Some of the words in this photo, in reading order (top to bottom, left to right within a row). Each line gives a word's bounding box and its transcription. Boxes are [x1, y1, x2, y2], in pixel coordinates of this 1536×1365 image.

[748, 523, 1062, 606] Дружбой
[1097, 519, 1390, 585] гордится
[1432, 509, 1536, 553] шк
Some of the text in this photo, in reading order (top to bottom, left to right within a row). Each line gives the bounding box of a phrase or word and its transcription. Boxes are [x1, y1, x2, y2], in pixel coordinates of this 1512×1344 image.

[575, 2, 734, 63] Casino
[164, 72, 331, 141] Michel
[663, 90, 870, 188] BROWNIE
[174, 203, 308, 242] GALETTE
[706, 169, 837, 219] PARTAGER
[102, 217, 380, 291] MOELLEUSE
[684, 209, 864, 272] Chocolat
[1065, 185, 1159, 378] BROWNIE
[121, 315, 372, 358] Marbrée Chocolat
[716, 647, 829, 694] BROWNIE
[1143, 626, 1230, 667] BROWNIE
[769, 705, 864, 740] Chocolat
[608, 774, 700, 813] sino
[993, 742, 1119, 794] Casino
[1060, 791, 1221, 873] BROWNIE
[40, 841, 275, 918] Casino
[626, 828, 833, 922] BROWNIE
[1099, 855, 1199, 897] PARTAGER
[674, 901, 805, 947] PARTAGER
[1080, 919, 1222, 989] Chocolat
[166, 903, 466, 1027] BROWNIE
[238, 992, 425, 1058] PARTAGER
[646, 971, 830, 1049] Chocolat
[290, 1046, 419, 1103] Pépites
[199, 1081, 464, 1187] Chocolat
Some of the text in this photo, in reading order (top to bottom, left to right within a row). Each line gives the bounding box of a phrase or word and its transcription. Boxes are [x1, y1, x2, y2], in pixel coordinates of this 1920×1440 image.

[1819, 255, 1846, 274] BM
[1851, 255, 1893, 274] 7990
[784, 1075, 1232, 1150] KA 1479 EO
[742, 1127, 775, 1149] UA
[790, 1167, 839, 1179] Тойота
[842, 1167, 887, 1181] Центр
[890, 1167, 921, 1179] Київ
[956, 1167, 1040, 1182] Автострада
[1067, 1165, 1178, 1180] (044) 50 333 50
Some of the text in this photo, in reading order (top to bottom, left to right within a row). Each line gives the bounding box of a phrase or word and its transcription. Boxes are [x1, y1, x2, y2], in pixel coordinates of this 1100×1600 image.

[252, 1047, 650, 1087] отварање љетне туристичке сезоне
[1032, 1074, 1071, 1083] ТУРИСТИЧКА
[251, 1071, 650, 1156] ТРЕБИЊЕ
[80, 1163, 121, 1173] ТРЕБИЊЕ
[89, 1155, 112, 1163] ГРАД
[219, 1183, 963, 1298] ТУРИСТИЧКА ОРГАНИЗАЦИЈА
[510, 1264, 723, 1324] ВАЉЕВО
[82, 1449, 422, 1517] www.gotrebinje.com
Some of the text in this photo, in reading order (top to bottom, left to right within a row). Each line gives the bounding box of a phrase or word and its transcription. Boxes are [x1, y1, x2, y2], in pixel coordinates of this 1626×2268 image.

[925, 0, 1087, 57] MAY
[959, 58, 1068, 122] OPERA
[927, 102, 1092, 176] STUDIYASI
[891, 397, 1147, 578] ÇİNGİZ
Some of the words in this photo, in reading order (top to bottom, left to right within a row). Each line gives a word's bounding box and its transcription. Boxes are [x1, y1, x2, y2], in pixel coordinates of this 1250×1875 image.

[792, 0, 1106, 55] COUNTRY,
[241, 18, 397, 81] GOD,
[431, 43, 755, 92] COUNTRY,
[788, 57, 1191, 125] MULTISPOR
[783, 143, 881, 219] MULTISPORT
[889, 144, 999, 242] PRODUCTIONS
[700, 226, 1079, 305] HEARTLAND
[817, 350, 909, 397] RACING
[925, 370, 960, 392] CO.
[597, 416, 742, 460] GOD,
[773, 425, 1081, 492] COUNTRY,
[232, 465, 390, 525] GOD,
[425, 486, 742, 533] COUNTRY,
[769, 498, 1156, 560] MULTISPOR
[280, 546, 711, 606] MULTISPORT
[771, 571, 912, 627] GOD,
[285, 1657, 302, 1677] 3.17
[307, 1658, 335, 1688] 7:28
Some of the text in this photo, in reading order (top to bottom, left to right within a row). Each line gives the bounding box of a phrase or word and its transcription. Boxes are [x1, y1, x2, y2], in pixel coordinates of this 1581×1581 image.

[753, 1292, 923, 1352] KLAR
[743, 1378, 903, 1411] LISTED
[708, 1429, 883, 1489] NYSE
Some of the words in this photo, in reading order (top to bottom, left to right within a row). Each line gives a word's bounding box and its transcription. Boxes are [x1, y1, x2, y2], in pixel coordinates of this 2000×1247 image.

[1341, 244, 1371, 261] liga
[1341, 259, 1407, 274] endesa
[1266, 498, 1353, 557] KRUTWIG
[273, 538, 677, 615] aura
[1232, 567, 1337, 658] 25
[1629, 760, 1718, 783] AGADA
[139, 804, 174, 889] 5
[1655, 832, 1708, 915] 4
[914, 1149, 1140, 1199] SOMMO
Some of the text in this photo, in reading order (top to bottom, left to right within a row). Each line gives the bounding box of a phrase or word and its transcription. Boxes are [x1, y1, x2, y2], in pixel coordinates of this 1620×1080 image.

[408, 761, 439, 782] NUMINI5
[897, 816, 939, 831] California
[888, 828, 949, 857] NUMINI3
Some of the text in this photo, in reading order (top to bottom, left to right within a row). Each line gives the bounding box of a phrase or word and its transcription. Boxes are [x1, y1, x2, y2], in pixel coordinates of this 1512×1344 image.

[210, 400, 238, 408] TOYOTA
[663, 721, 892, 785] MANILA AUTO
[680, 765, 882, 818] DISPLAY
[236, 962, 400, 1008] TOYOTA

▶ **TASK ITEM**
Write out the entries verbatim, all of them.

▶ **THE COMPLETED TASK**
Some of the words in this photo, in reading order (top to bottom, left to right within a row). Each line gives a word's bounding box and its transcription. Boxes are [x1, y1, x2, y2], in pixel coordinates of this 1536×1365 image.

[748, 523, 1062, 606] Дружбой
[1097, 519, 1390, 585] гордится
[1432, 509, 1536, 553] шк
Some of the text in this photo, in reading order (top to bottom, left to right within a row). Each line gives the bounding box of a phrase or word and its transcription. Boxes are [x1, y1, x2, y2], in pixel coordinates of this 1512×1344 image.

[575, 2, 734, 63] Casino
[164, 72, 331, 141] Michel
[663, 90, 870, 188] BROWNIE
[174, 203, 308, 242] GALETTE
[706, 169, 837, 219] PARTAGER
[102, 217, 380, 291] MOELLEUSE
[684, 209, 864, 272] Chocolat
[1065, 185, 1159, 378] BROWNIE
[121, 315, 372, 358] Marbrée Chocolat
[716, 647, 829, 694] BROWNIE
[1143, 626, 1230, 667] BROWNIE
[769, 705, 864, 740] Chocolat
[608, 774, 700, 813] sino
[993, 742, 1119, 794] Casino
[1060, 791, 1221, 873] BROWNIE
[40, 841, 275, 918] Casino
[626, 828, 833, 922] BROWNIE
[1099, 855, 1199, 897] PARTAGER
[674, 901, 805, 947] PARTAGER
[1080, 919, 1222, 989] Chocolat
[166, 903, 466, 1027] BROWNIE
[238, 992, 425, 1058] PARTAGER
[646, 971, 830, 1049] Chocolat
[290, 1046, 419, 1103] Pépites
[199, 1081, 464, 1187] Chocolat
Some of the text in this photo, in reading order (top to bottom, left to right within a row). Each line gives the bounding box of a phrase or word and its transcription. Boxes are [x1, y1, x2, y2], in pixel coordinates of this 1920×1440 image.

[1819, 255, 1846, 274] BM
[1851, 255, 1893, 274] 7990
[784, 1075, 1232, 1150] KA 1479 EO
[742, 1127, 775, 1149] UA
[790, 1167, 839, 1179] Тойота
[842, 1167, 887, 1181] Центр
[890, 1167, 921, 1179] Київ
[956, 1167, 1040, 1182] Автострада
[1067, 1165, 1178, 1180] (044) 50 333 50
Some of the text in this photo, in reading order (top to bottom, left to right within a row). Each line gives the bounding box of a phrase or word and its transcription. Boxes are [x1, y1, x2, y2], in pixel coordinates of this 1100×1600 image.

[252, 1047, 650, 1087] отварање љетне туристичке сезоне
[1032, 1074, 1071, 1083] ТУРИСТИЧКА
[251, 1071, 650, 1156] ТРЕБИЊЕ
[80, 1163, 121, 1173] ТРЕБИЊЕ
[89, 1155, 112, 1163] ГРАД
[219, 1183, 963, 1298] ТУРИСТИЧКА ОРГАНИЗАЦИЈА
[510, 1264, 723, 1324] ВАЉЕВО
[82, 1449, 422, 1517] www.gotrebinje.com
Some of the text in this photo, in reading order (top to bottom, left to right within a row). Each line gives the bounding box of a phrase or word and its transcription. Boxes are [x1, y1, x2, y2], in pixel coordinates of this 1626×2268 image.

[925, 0, 1087, 57] MAY
[959, 58, 1068, 122] OPERA
[927, 102, 1092, 176] STUDIYASI
[891, 397, 1147, 578] ÇİNGİZ
Some of the words in this photo, in reading order (top to bottom, left to right within a row). Each line gives a word's bounding box and its transcription. Boxes are [x1, y1, x2, y2], in pixel coordinates of this 1250×1875 image.

[792, 0, 1106, 55] COUNTRY,
[241, 18, 397, 81] GOD,
[431, 43, 755, 92] COUNTRY,
[788, 57, 1191, 125] MULTISPOR
[783, 143, 881, 219] MULTISPORT
[889, 144, 999, 242] PRODUCTIONS
[700, 226, 1079, 305] HEARTLAND
[817, 350, 909, 397] RACING
[925, 370, 960, 392] CO.
[597, 416, 742, 460] GOD,
[773, 425, 1081, 492] COUNTRY,
[232, 465, 390, 525] GOD,
[425, 486, 742, 533] COUNTRY,
[769, 498, 1156, 560] MULTISPOR
[280, 546, 711, 606] MULTISPORT
[771, 571, 912, 627] GOD,
[285, 1657, 302, 1677] 3.17
[307, 1658, 335, 1688] 7:28
Some of the text in this photo, in reading order (top to bottom, left to right within a row). Each line gives the bounding box of a phrase or word and its transcription. Boxes are [x1, y1, x2, y2], in pixel coordinates of this 1581×1581 image.

[753, 1292, 923, 1352] KLAR
[743, 1378, 903, 1411] LISTED
[708, 1429, 883, 1489] NYSE
Some of the words in this photo, in reading order (top to bottom, left to right within a row). Each line gives a word's bounding box and its transcription. Boxes are [x1, y1, x2, y2], in pixel coordinates of this 2000×1247 image.

[1341, 244, 1371, 261] liga
[1341, 259, 1407, 274] endesa
[1266, 498, 1353, 557] KRUTWIG
[273, 538, 677, 615] aura
[1232, 567, 1337, 658] 25
[1629, 760, 1718, 783] AGADA
[139, 804, 174, 889] 5
[1655, 832, 1708, 915] 4
[914, 1149, 1140, 1199] SOMMO
Some of the text in this photo, in reading order (top to bottom, left to right within a row). Each line gives the bounding box of a phrase or word and its transcription. Boxes are [x1, y1, x2, y2], in pixel coordinates of this 1620×1080 image.

[408, 761, 439, 782] NUMINI5
[897, 816, 939, 831] California
[888, 828, 949, 857] NUMINI3
Some of the text in this photo, in reading order (top to bottom, left to right within a row). Each line gives the bounding box of a phrase or word and its transcription. Boxes are [x1, y1, x2, y2], in pixel coordinates of this 1512×1344 image.

[210, 400, 238, 408] TOYOTA
[663, 721, 892, 785] MANILA AUTO
[680, 765, 882, 818] DISPLAY
[236, 962, 400, 1008] TOYOTA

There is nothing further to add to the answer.